Die Fraktionsvorsitzende kritisiert, dass die schwarz-grüne Landesregierung die strukturelle Unterfinanzierung der Kommunen trotz gegenteiliger Versprechen nicht behebe. „Seit Jahrzehnten übertragen Bund und Länder immer neue Aufgaben auf die Städte und Gemeinden, ohne deren Finanzierung dauerhaft sicherzustellen. Gleichzeitig steigen insbesondere die Sozialausgaben kontinuierlich. Wer vor diesem Hintergrund von einer historischen Wende spricht, verkennt die tatsächlichen Herausforderungen oder versucht sie bewusst kleinzureden.
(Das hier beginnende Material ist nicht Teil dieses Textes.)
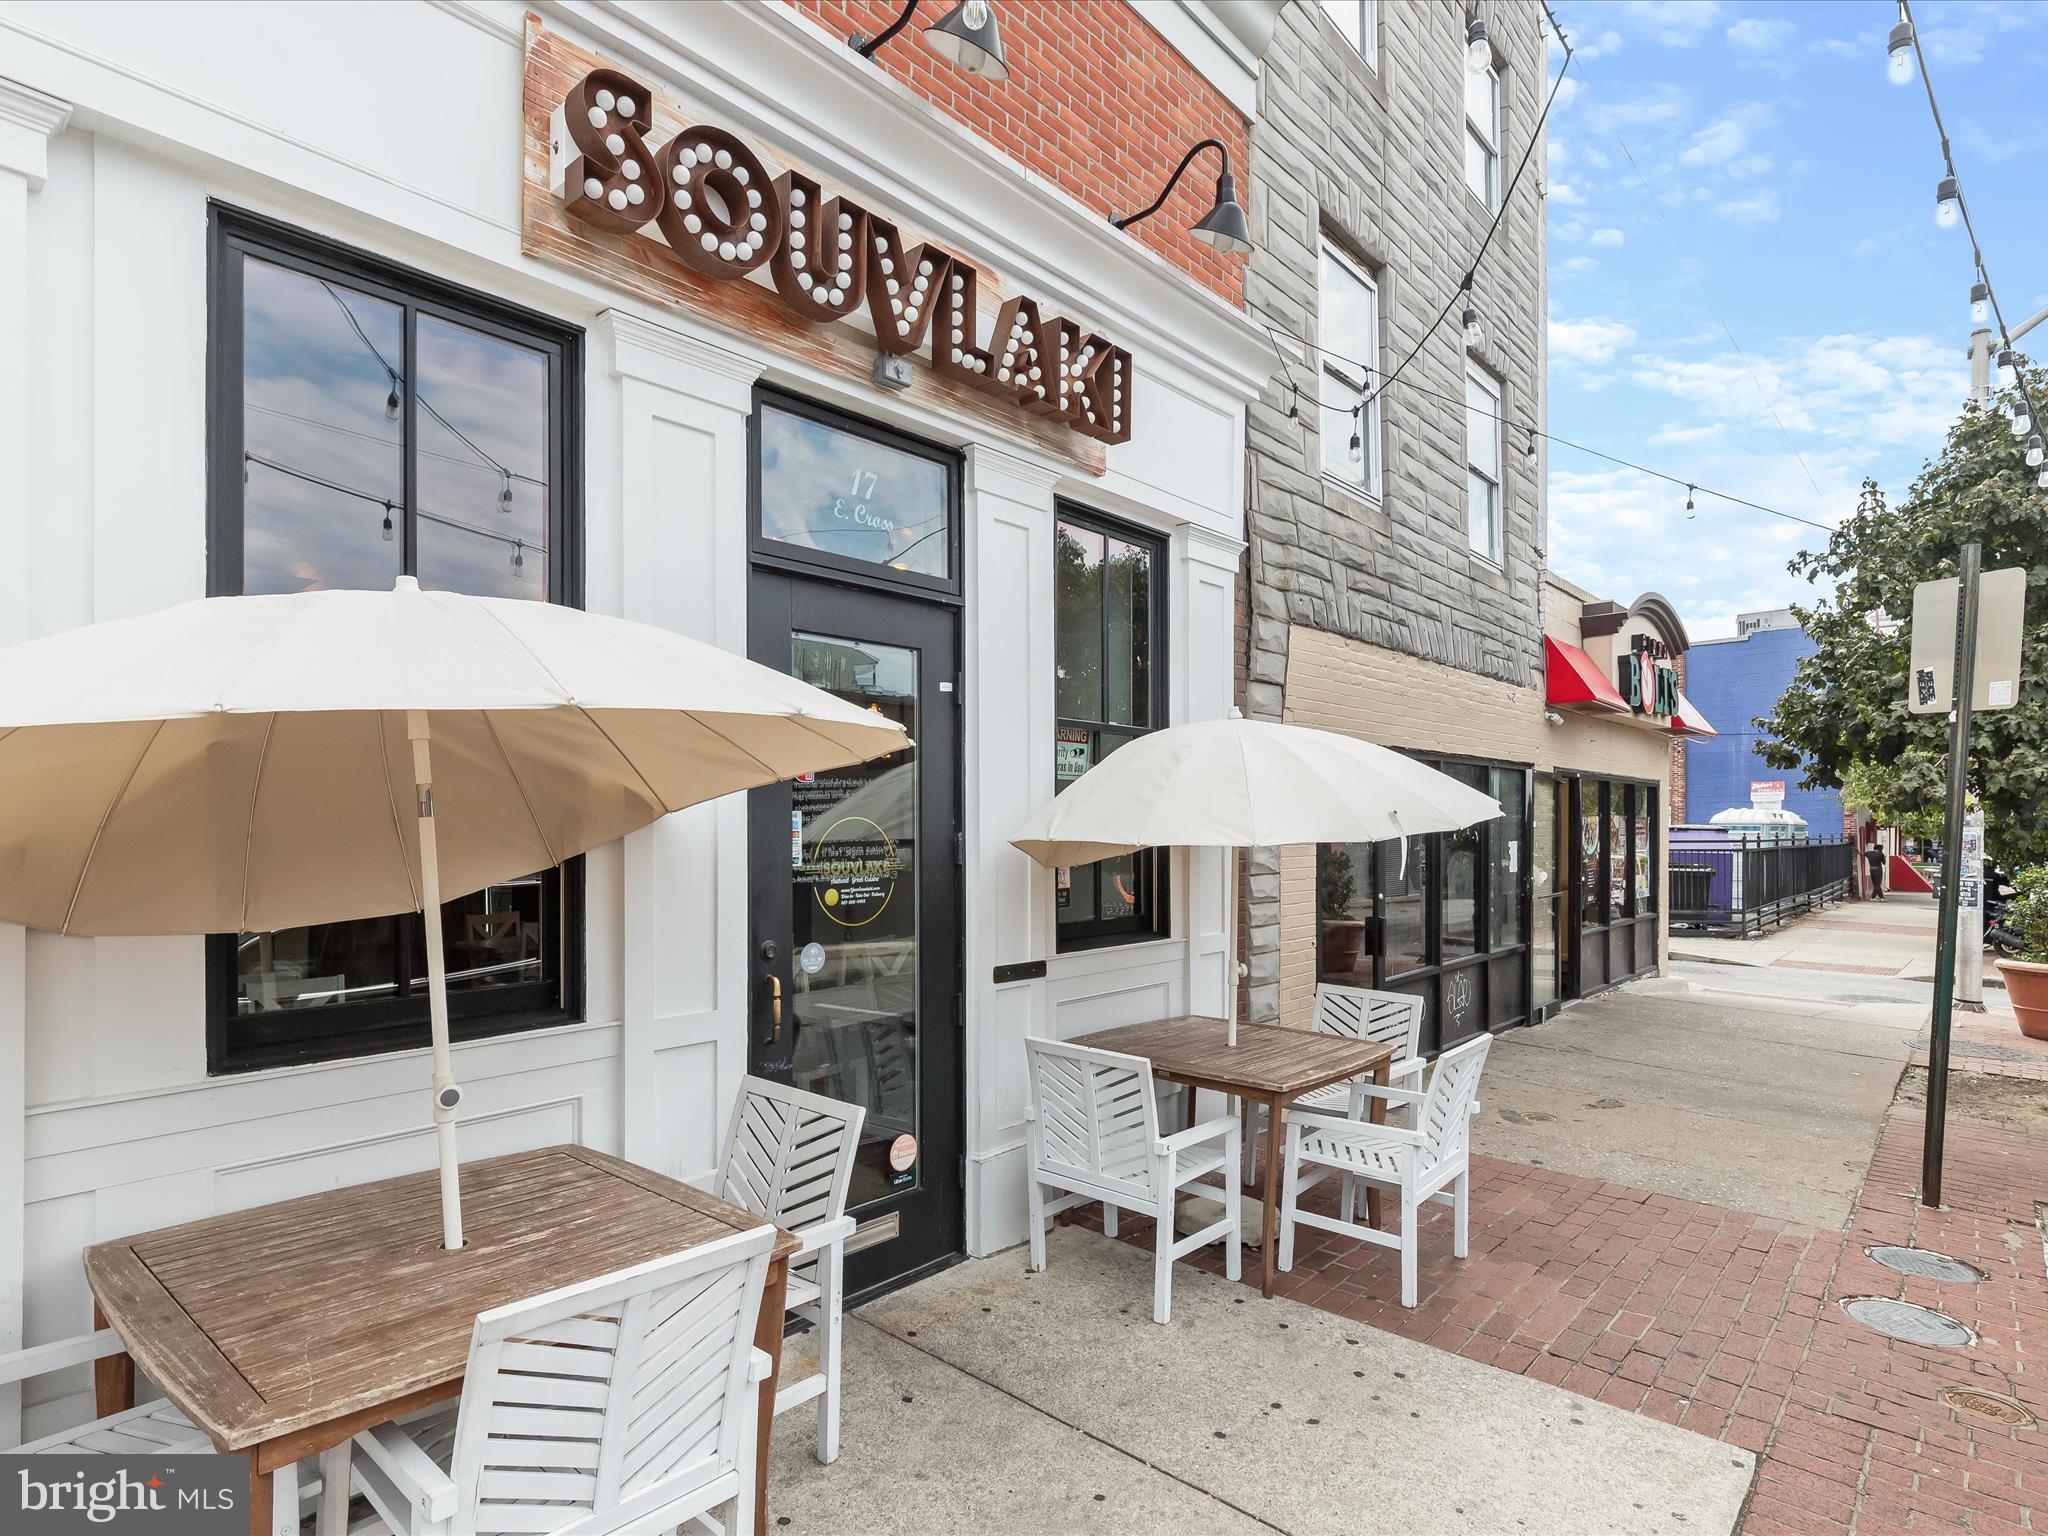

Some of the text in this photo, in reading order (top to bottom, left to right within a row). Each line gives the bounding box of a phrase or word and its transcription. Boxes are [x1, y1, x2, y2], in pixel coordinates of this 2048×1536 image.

Unsere Kommunen brauchen keine wohlklingenden Ankündigungen, sondern endlich eine Finanzierung, die ihren Aufgaben gerecht wird.“

Der Kreisvorsitzende der FDP-Hagen, Lennart Poll, fordert deshalb eine grundlegende Neuordnung der Kommunalfinanzen. „Die Kommunen tragen einen Großteil der staatlichen Leistungen, die die Menschen täglich erleben – von Schulen und Kitas über Straßen bis hin zu Feuerwehr, Ordnungsdiensten und sozialen Angeboten. Trotzdem werden sie seit Jahren finanziell im Stich gelassen. Daran ändern zusätzliche 360 Millionen Euro für ganz Nordrhein-Westfalen praktisch nichts. Wer angesichts eines Defizits von über elf Milliarden Euro von einem großen Wurf spricht, betreibt Schaufensterpolitik.“

Poll fordert die Landesregierung auf, den Forderungen des Aktionsbündnisses „Für die Würde unserer Städte“ zu folgen. Gleichzeitig müsse das Konnexitätsprinzip konsequent umgesetzt werden, damit Bund und Länder künftig auch die Kosten der Aufgaben übernehmen, die sie den Kommunen übertragen.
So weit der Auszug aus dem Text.